Input
※
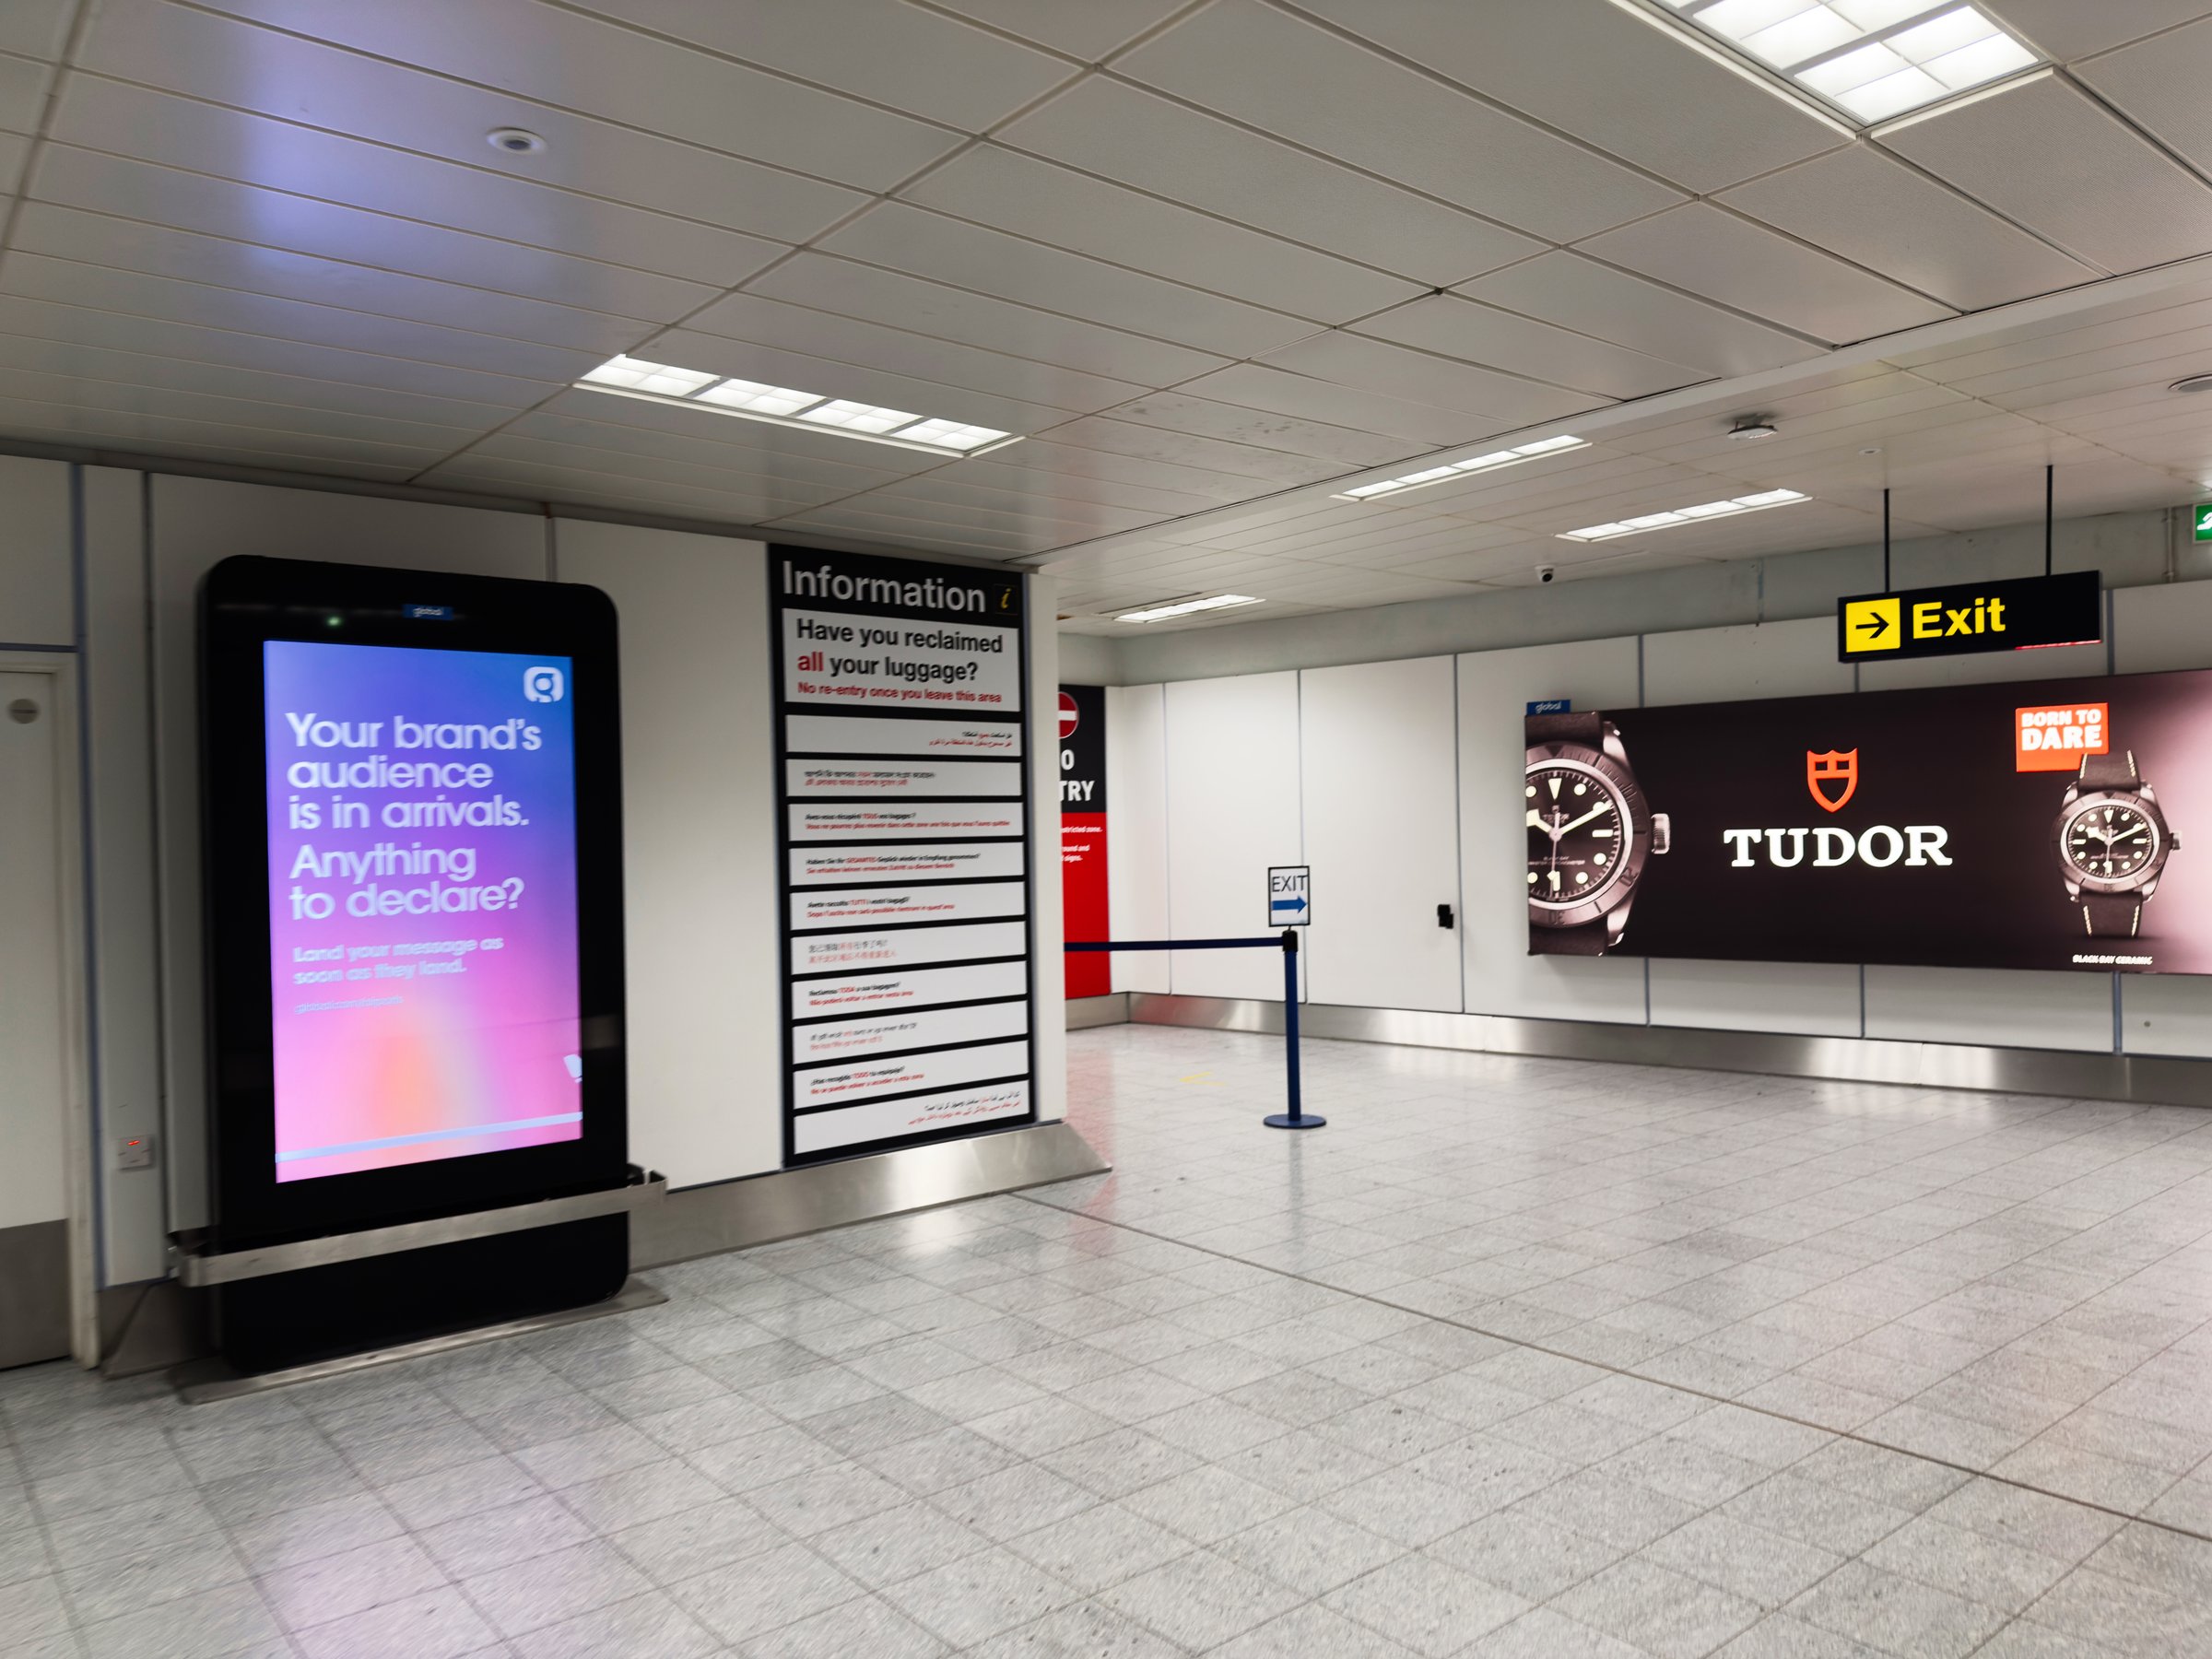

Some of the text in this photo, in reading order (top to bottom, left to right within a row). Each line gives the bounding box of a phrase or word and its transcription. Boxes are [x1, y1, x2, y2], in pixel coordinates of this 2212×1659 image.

[783, 561, 986, 612] Information
[1912, 597, 2006, 639] Exit
[796, 618, 1004, 653] Have you reclaimed
[797, 651, 978, 684] all your luggage?
[797, 681, 1002, 703] No re-entry once you leave this area
[285, 712, 542, 750] Your brand's
[2021, 709, 2101, 727] BORN TO
[2021, 724, 2102, 751] DARE
[288, 756, 494, 789] audience
[1061, 749, 1075, 771] O
[1060, 781, 1095, 802] TRY
[289, 794, 529, 830] is in arrivals.
[289, 841, 477, 884] Anything
[1724, 824, 1953, 868] TUDOR
[290, 877, 525, 920] to declare?
[1272, 875, 1308, 892] EXIT
[293, 937, 504, 963] Land your message as
[293, 958, 467, 985] soon as they land.
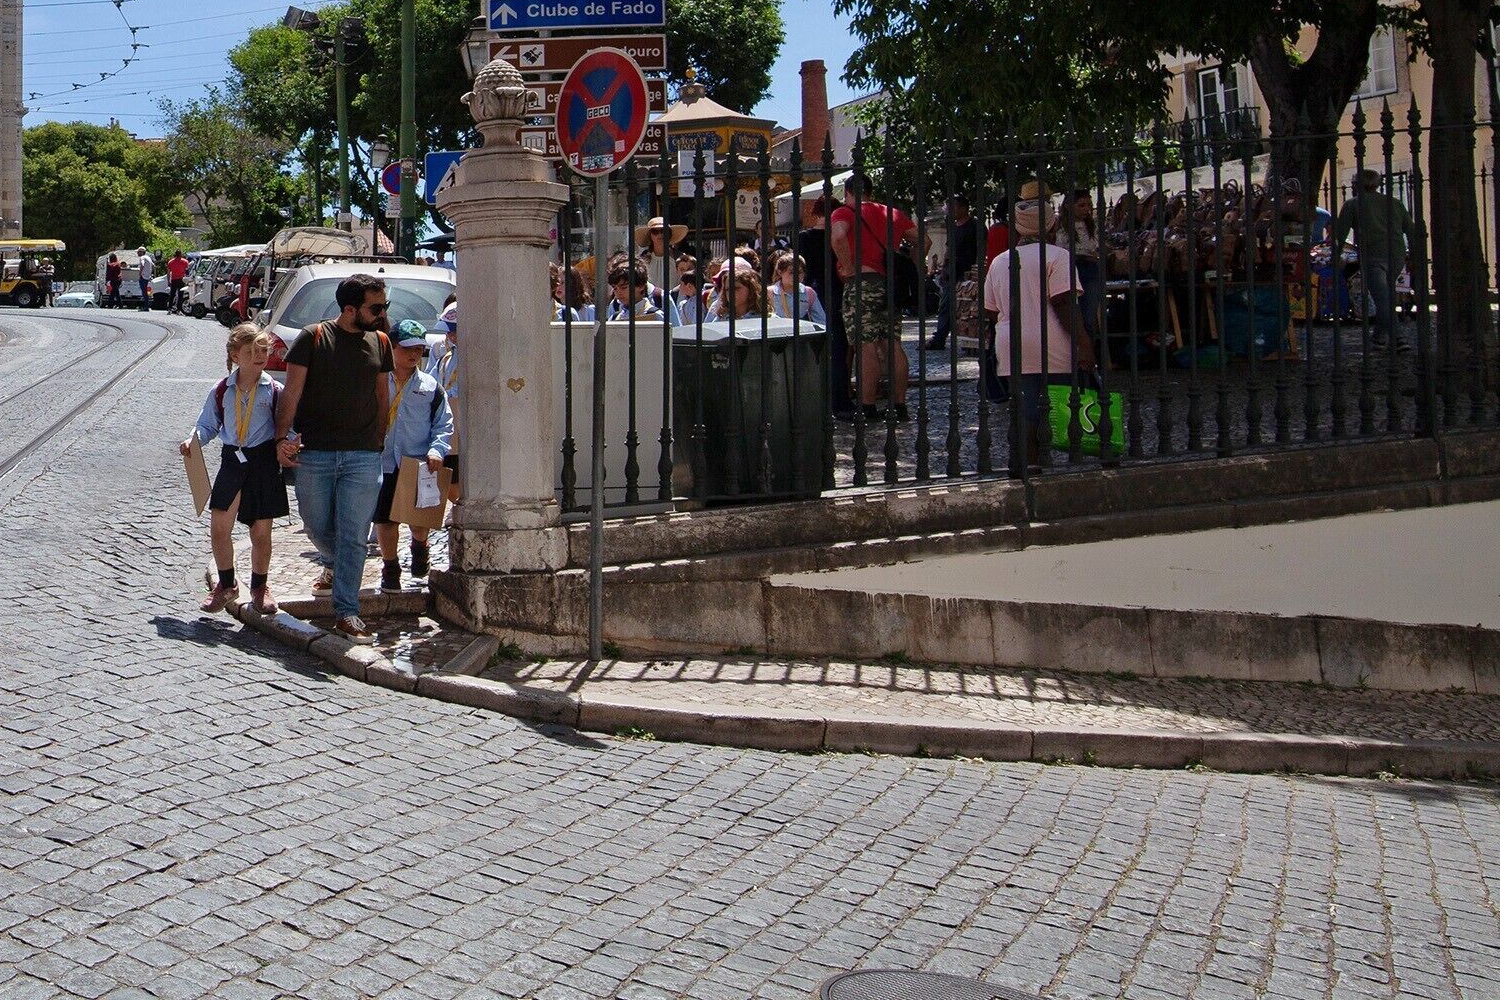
※
What you will do
Give an exact copy of the material, leaving out every picture.

Answer section
Some of the text in this photo, in reading order (top to bottom, left to right within a row). Each line gives the bounding box of a phrase or word and its transcription. Boxes are [x1, y1, x2, y2], in pixel coordinates of this 2212×1659 image.

[783, 561, 986, 612] Information
[1912, 597, 2006, 639] Exit
[796, 618, 1004, 653] Have you reclaimed
[797, 651, 978, 684] all your luggage?
[797, 681, 1002, 703] No re-entry once you leave this area
[285, 712, 542, 750] Your brand's
[2021, 709, 2101, 727] BORN TO
[2021, 724, 2102, 751] DARE
[288, 756, 494, 789] audience
[1061, 749, 1075, 771] O
[1060, 781, 1095, 802] TRY
[289, 794, 529, 830] is in arrivals.
[289, 841, 477, 884] Anything
[1724, 824, 1953, 868] TUDOR
[290, 877, 525, 920] to declare?
[1272, 875, 1308, 892] EXIT
[293, 937, 504, 963] Land your message as
[293, 958, 467, 985] soon as they land.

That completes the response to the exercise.